Cependant le corps de Doctorow, c'est-à-dire le sixième corps, était encore le 27 juin sans ordres et n'avait fait aucun mouvement. Le 28 il se réunit et se mit en marche pour se porter sur la Dwina par une marche de flanc. Le 30 son avantgarde entra à Soleiniki. Elle fut chargée par la cavalerie légère du général baron Bordesoulle, et chassée de la ville. Doctorow, se voyant prévenu, prit à droite et se porta sur Ochmiana. Le général baron Pujol y arriva avec sa brigade de cavalerie légère, au moment où l'avant-garde de Doctorow y entrait. Le général Pujol le fit charger. L'ennemi fut sabré et culbuté dans la ville. Il a perdu soixante hommes tués et dix-huit prisonniers.
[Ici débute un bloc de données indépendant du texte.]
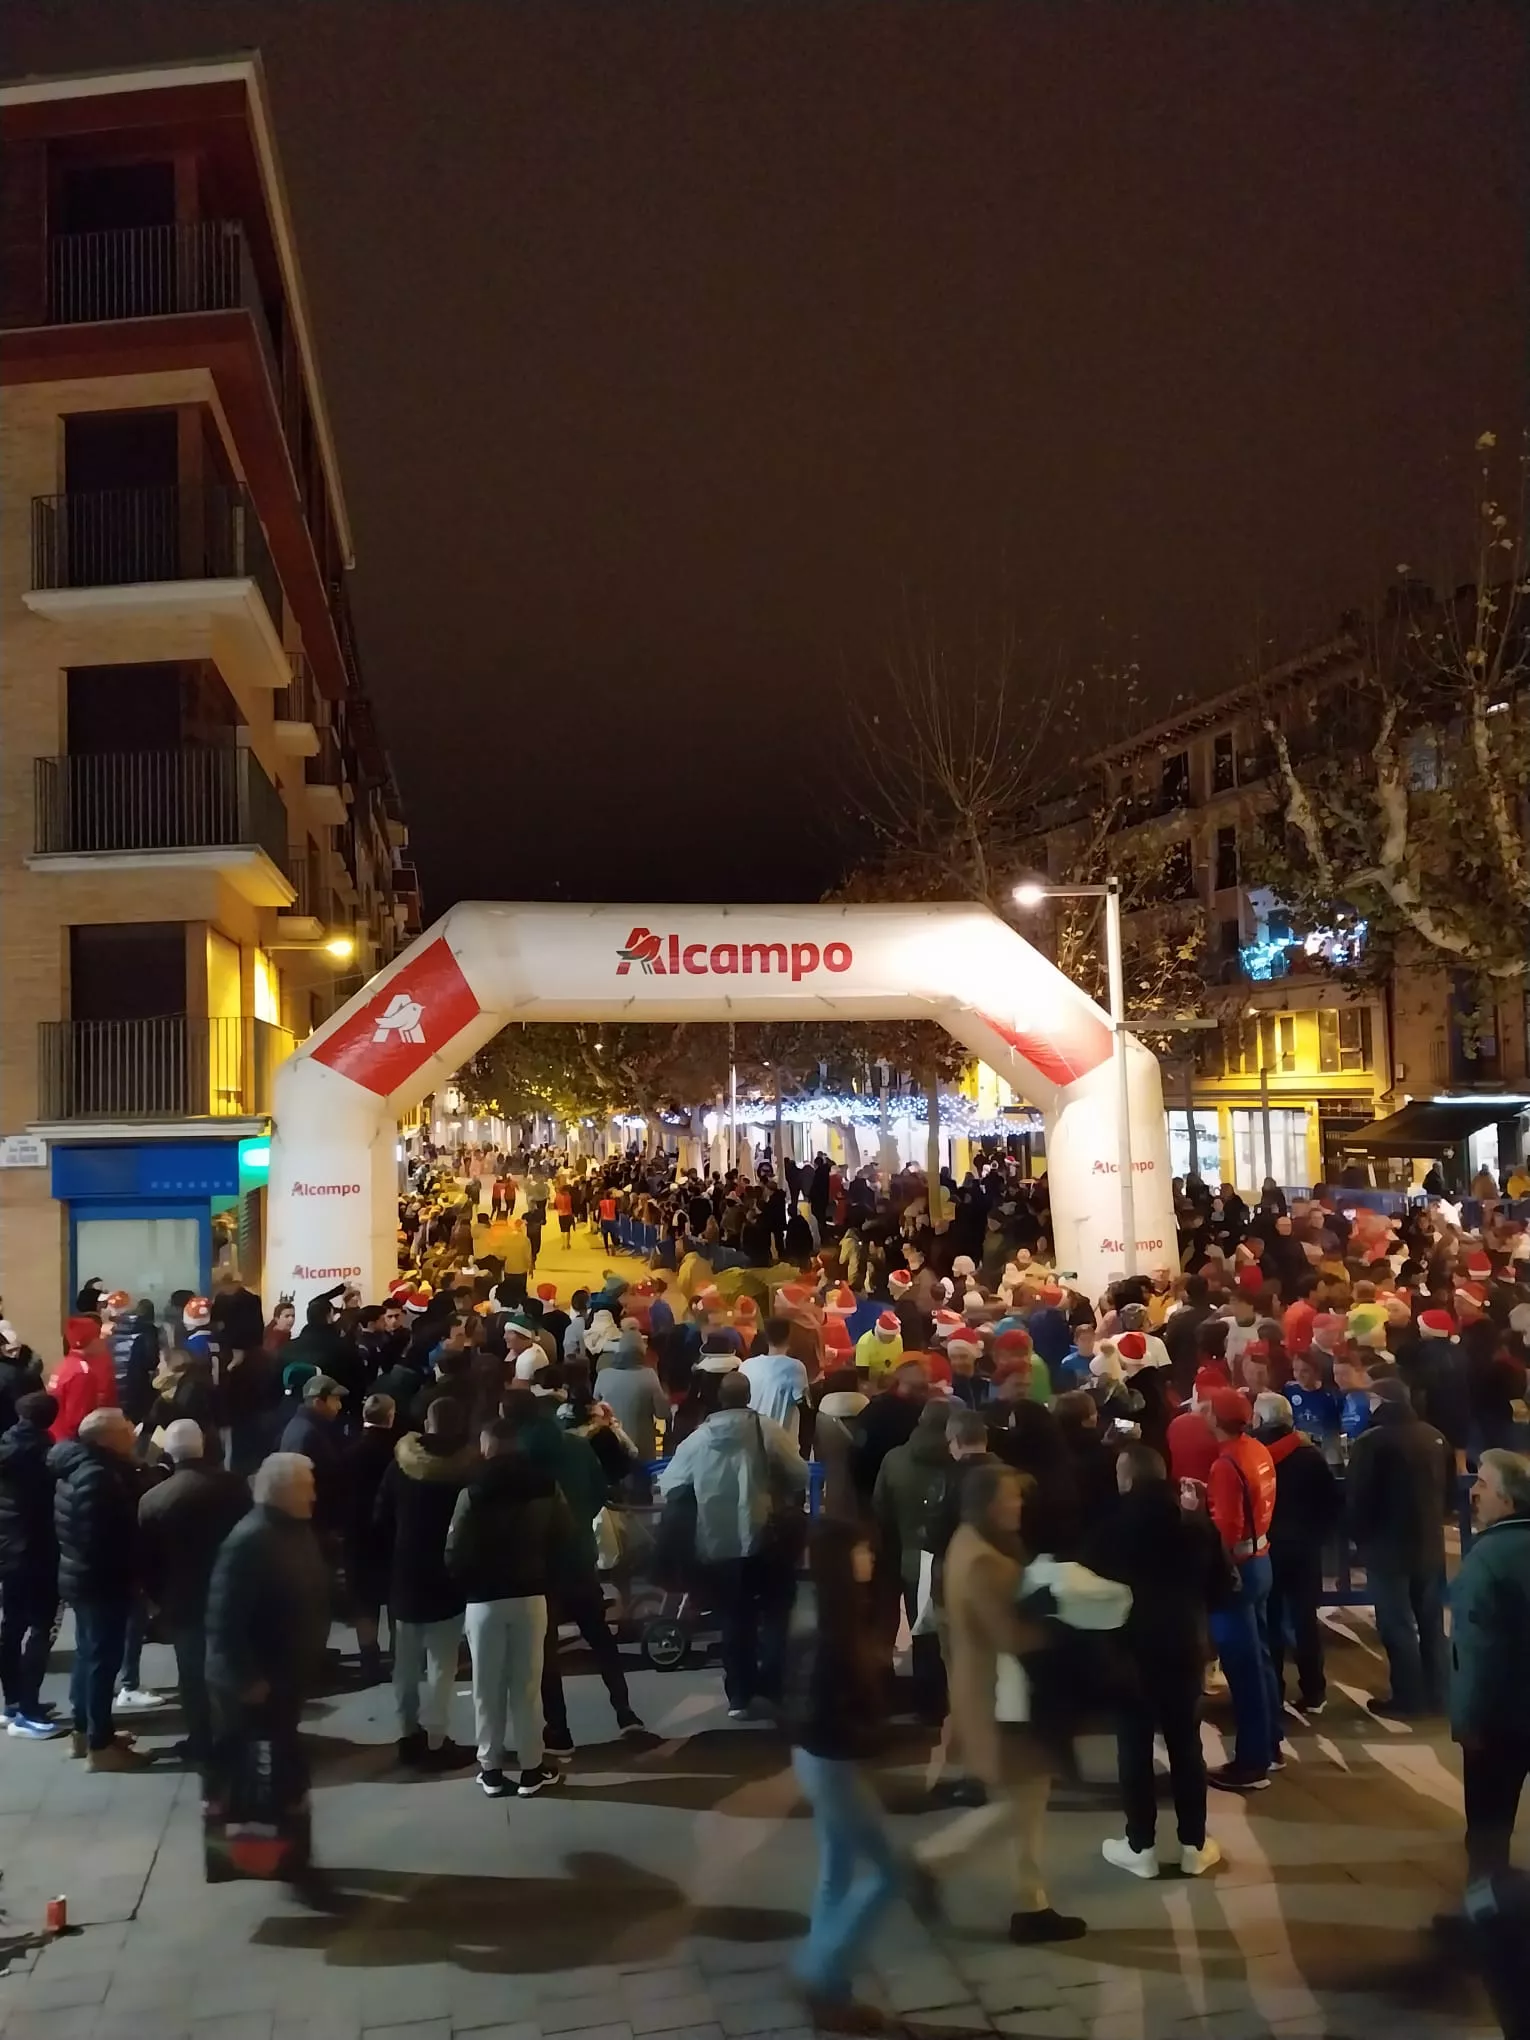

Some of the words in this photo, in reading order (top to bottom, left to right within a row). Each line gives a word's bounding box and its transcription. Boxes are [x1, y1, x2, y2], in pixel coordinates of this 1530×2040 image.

[616, 928, 853, 981] Alcampo
[1092, 1160, 1155, 1174] Alcmpo
[291, 1181, 361, 1196] Alcampo
[1100, 1239, 1163, 1253] Alcmpo
[292, 1265, 361, 1279] Alcampo
Le général Pujol a eu cinq hommes tués et quelques blessés. Cette charge a été faite par le neuvième régiment de lanciers polonais.

Le général Doctorow, voyant le chemin coupé, rétrograda sur Olchanoni. Le maréchal prince d'Eckmülh, avec une division d'infanterie, les cuirassiers de la division du comte Valence et le deuxième régiment de chevau-légers de la garde, se porta sur Ochmiana pour soutenir le général Pujol.
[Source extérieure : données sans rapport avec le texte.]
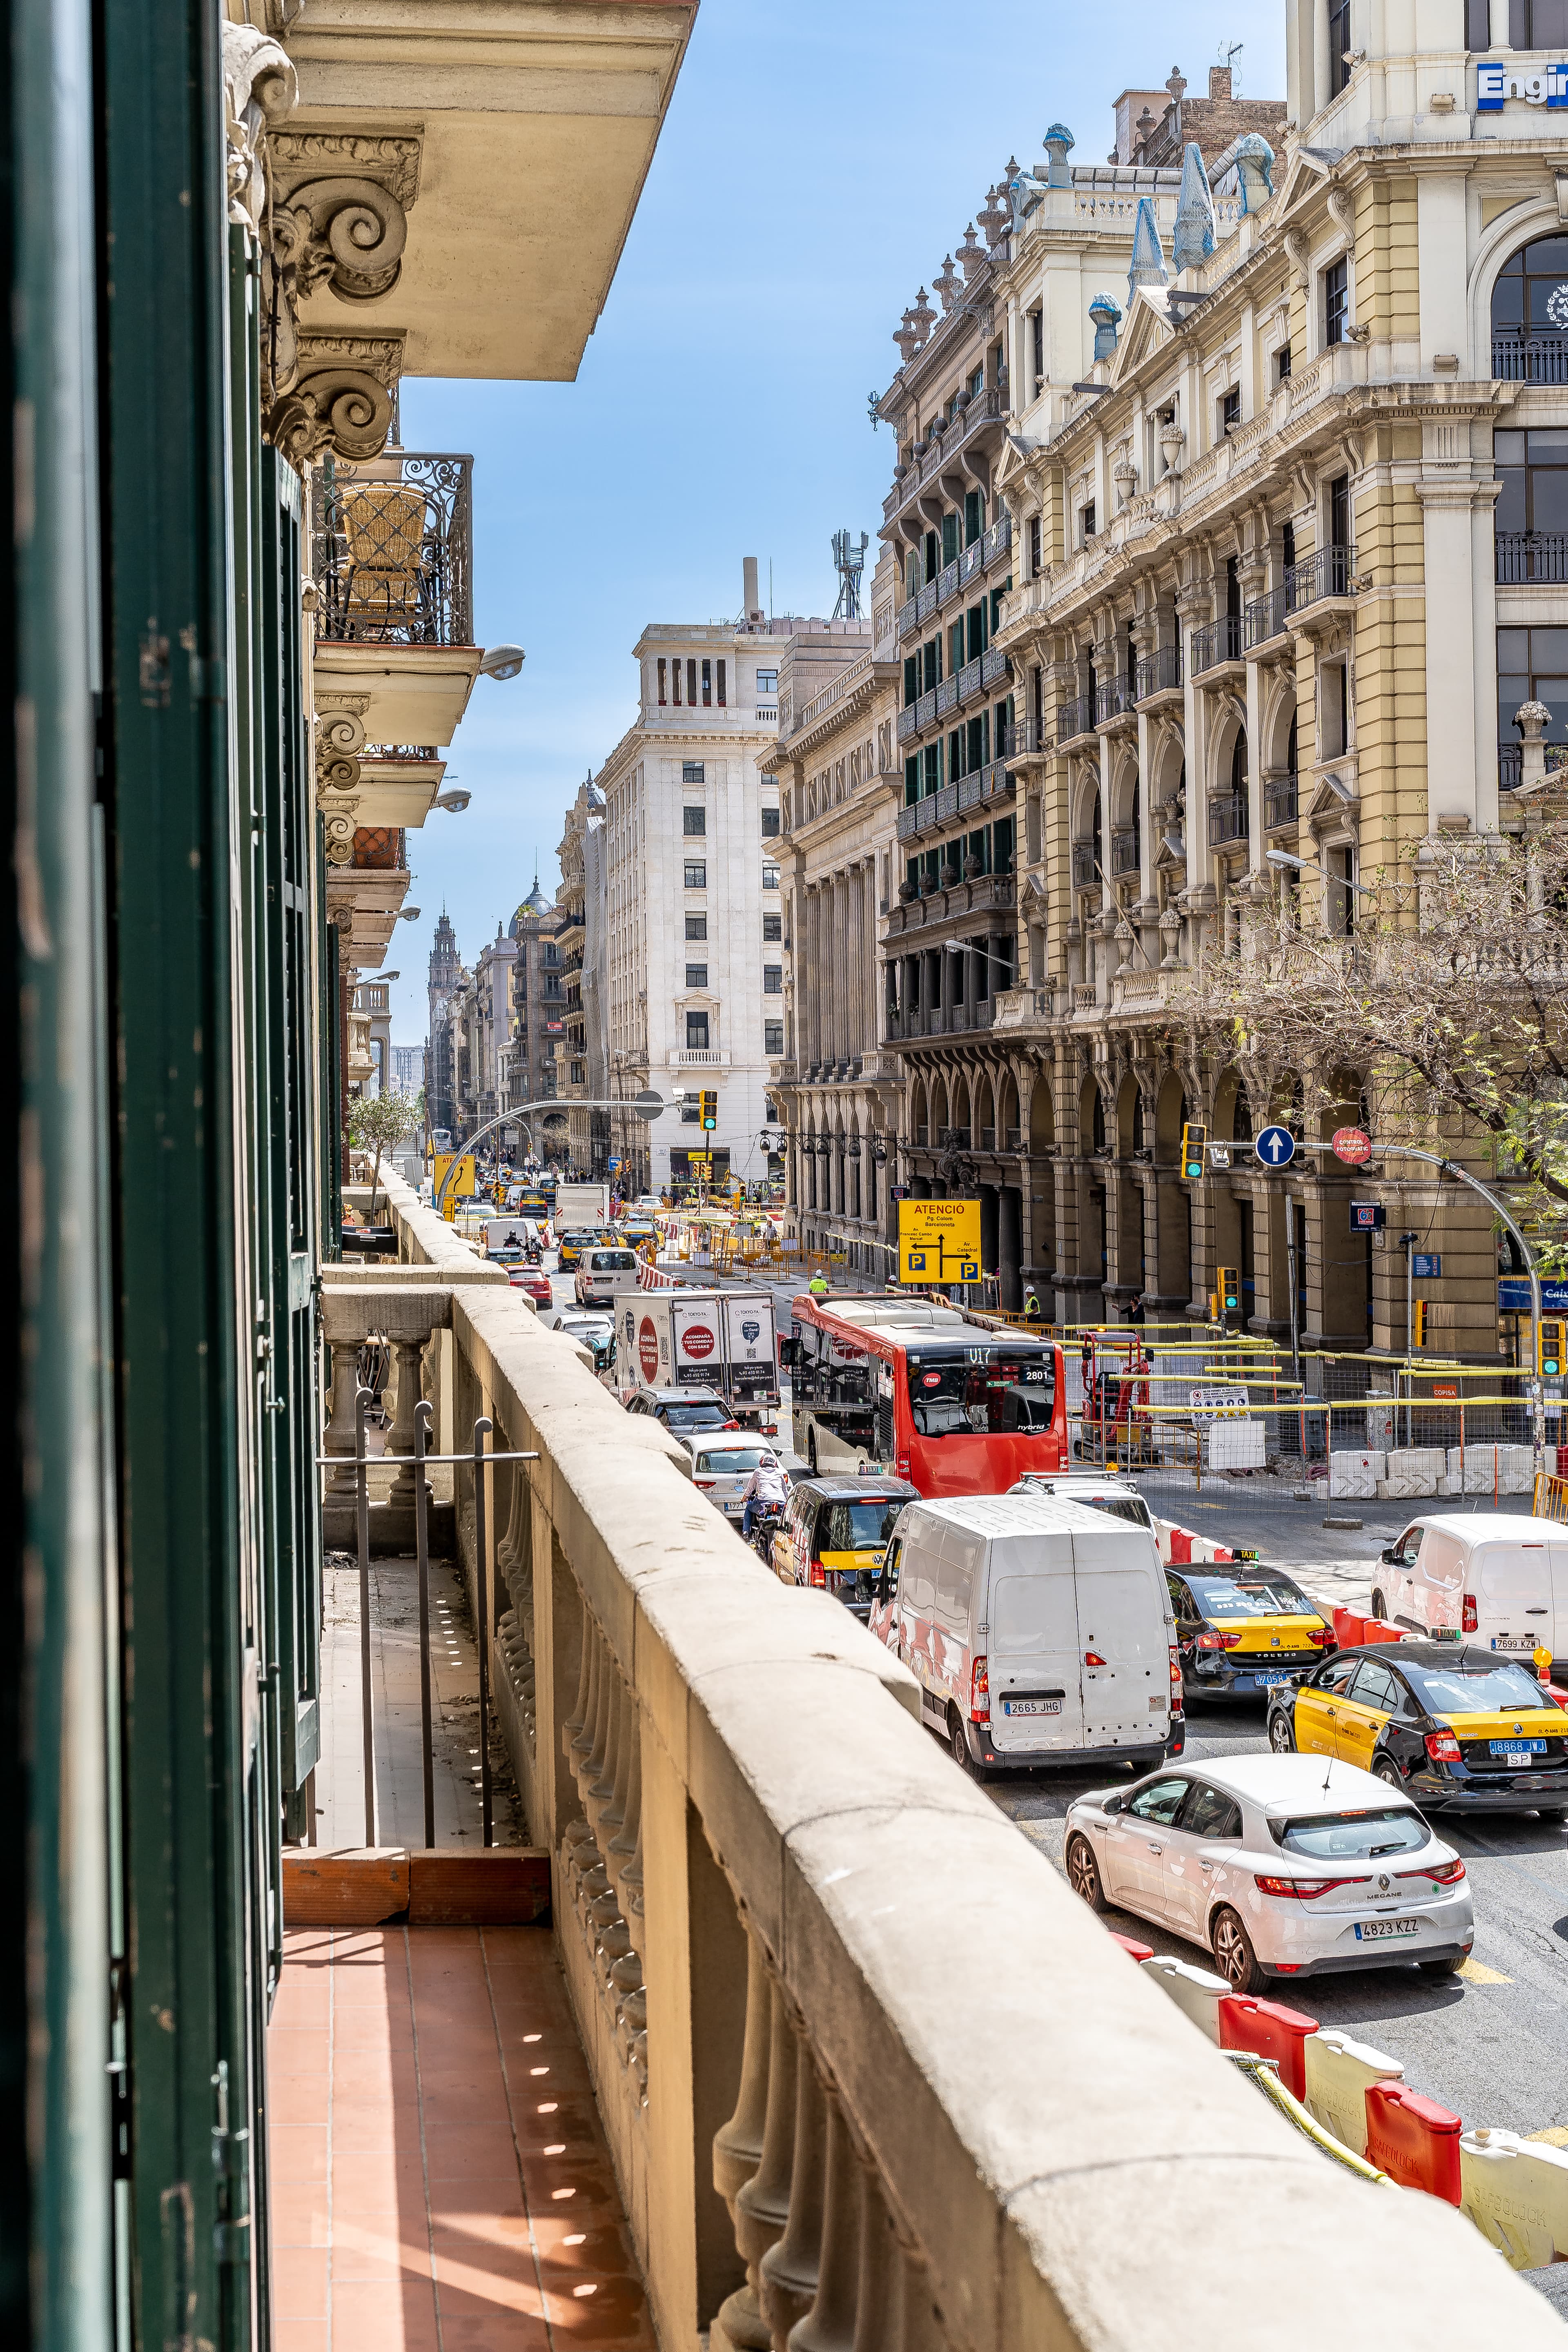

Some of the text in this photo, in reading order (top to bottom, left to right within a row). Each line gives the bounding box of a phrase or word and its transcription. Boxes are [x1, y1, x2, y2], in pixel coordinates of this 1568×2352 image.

[914, 1203, 965, 1214] ATENCIÓ
[911, 1255, 922, 1269] P
[964, 1264, 975, 1278] P
[969, 1348, 991, 1364] V17
[1026, 1371, 1048, 1380] 2801
[1241, 1550, 1254, 1559] TAXI
[1441, 1629, 1455, 1637] TAXI
[1521, 1640, 1536, 1648] KZW
[1261, 1675, 1283, 1684] 7058
[1012, 1702, 1058, 1713] 2665 JHG
[1497, 1741, 1544, 1752] 8868 JWJ
[1367, 1891, 1402, 1900] MEGANE
[1363, 1922, 1393, 1936] 4823
[1396, 1919, 1419, 1933] KZZ
Le corps de Doctorow, ainsi coupé et rejeté dans le midi, continua de longer à droite, à marches forcées, en faisant le sacrifice de ses bagages, sur Smoraghoni, Dunowcheff et Kobonilensiki, d'où il s'est porté sur la Dwina. Ce mouvement avait été prévu. Le général comte Nansouty, avec une division de cuirassiers, la division de cavalerie légère du général comte Bruyères et la division d'infanterie du comte Morand, s'était porté à Mikaïlitshki pour couper ce corps. Il arriva le 3 à Swir, lorsqu'il débouchait, et le poussa vivement, lui prit bon nombre de traînards et l'obligea à abandonner quelques centaines de voitures de bagages.

L'incertitude, les angoisses, les marches et les contre-marches qu'ont faites ces troupes, les fatigues qu'elles ont essuyées ont dû les faire beaucoup souffrir.

Des torrents de pluie ont tombé pendant trente-six heures sans interruption.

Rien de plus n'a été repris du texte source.